* _TASK DETAILS_
Leave the pictures behind and repeat all the entries exactly.

* _PROVIDED ENTRIES_

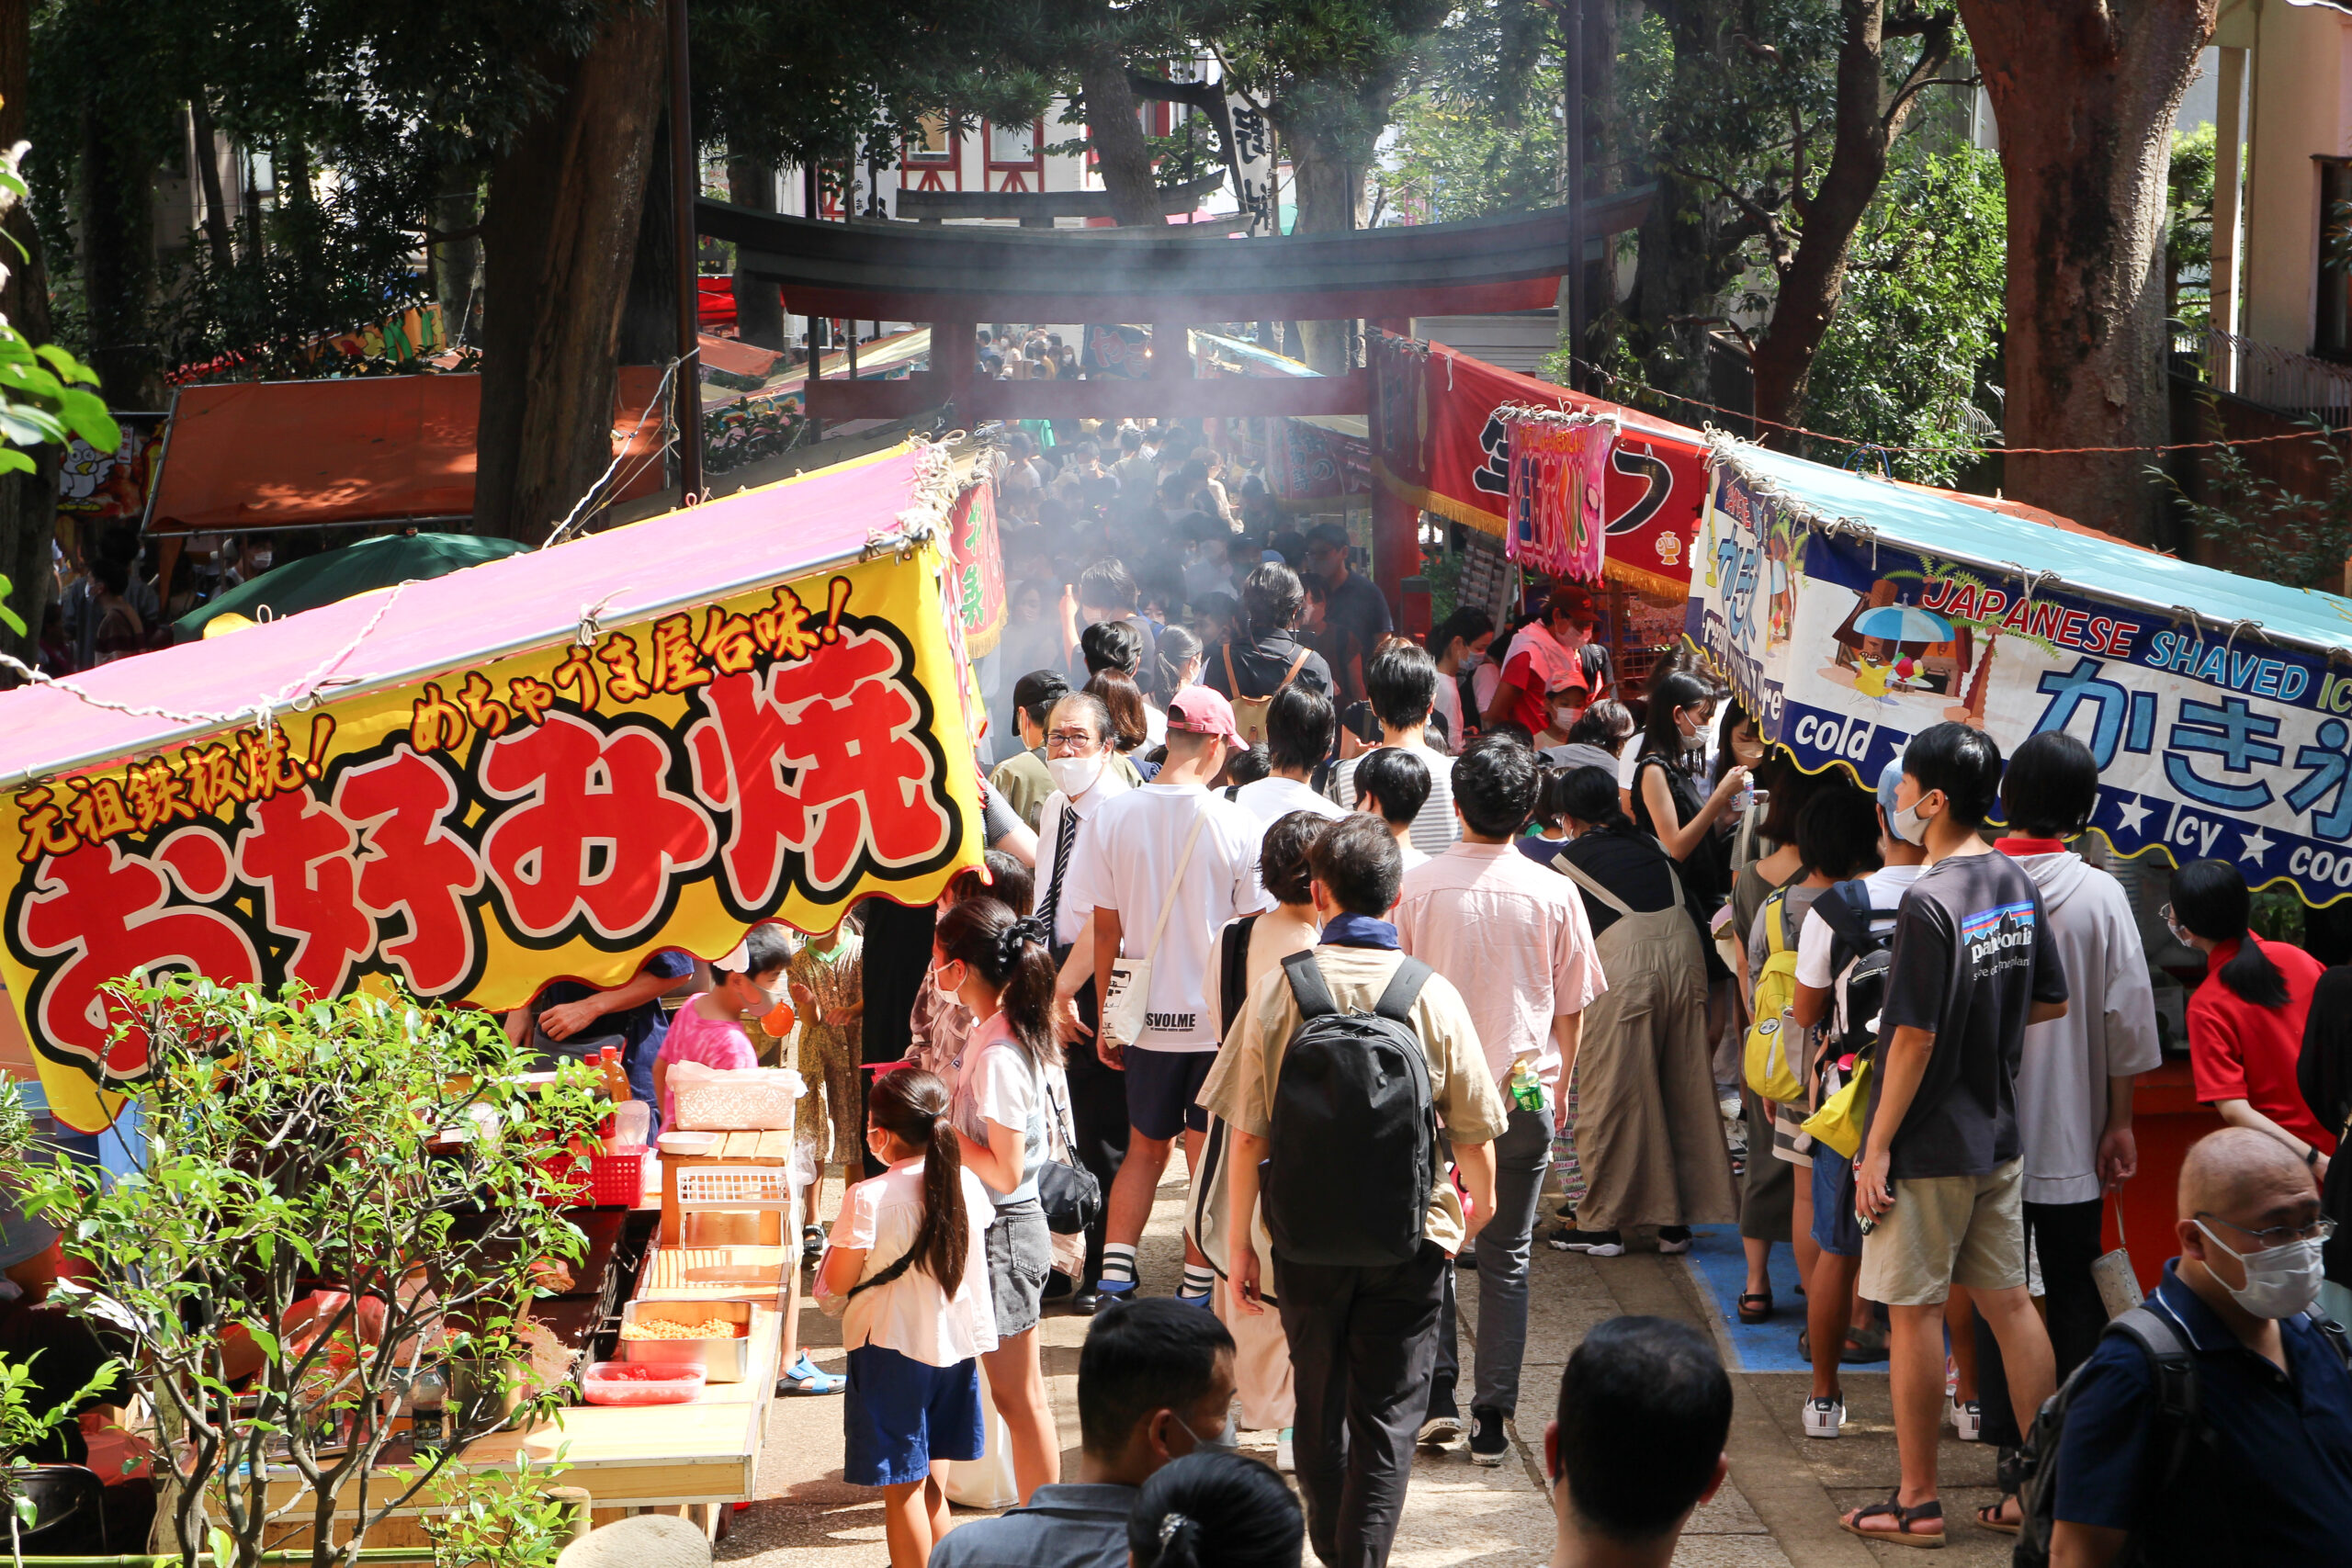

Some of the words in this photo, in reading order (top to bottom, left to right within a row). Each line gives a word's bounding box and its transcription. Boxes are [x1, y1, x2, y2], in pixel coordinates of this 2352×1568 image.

[1922, 578, 2140, 659] JAPANESE
[2145, 630, 2310, 701] SHAVED
[2316, 671, 2352, 715] IC
[1794, 715, 1877, 762] cold
[7, 621, 961, 1082] お好み焼
[2163, 802, 2224, 858] Icy
[2289, 845, 2352, 888] coo
[1146, 1012, 1196, 1028] SVOLME

* _TASK SOLUTION_
Some of the words in this photo, in reading order (top to bottom, left to right within a row). Each line gives a word's bounding box and its transcription. Boxes are [x1, y1, x2, y2], in pixel coordinates of this 2352×1568 image.

[1922, 578, 2140, 659] JAPANESE
[2145, 630, 2310, 701] SHAVED
[2316, 671, 2352, 715] IC
[1794, 715, 1877, 762] cold
[7, 621, 961, 1082] お好み焼
[2163, 802, 2224, 858] Icy
[2289, 845, 2352, 888] coo
[1146, 1012, 1196, 1028] SVOLME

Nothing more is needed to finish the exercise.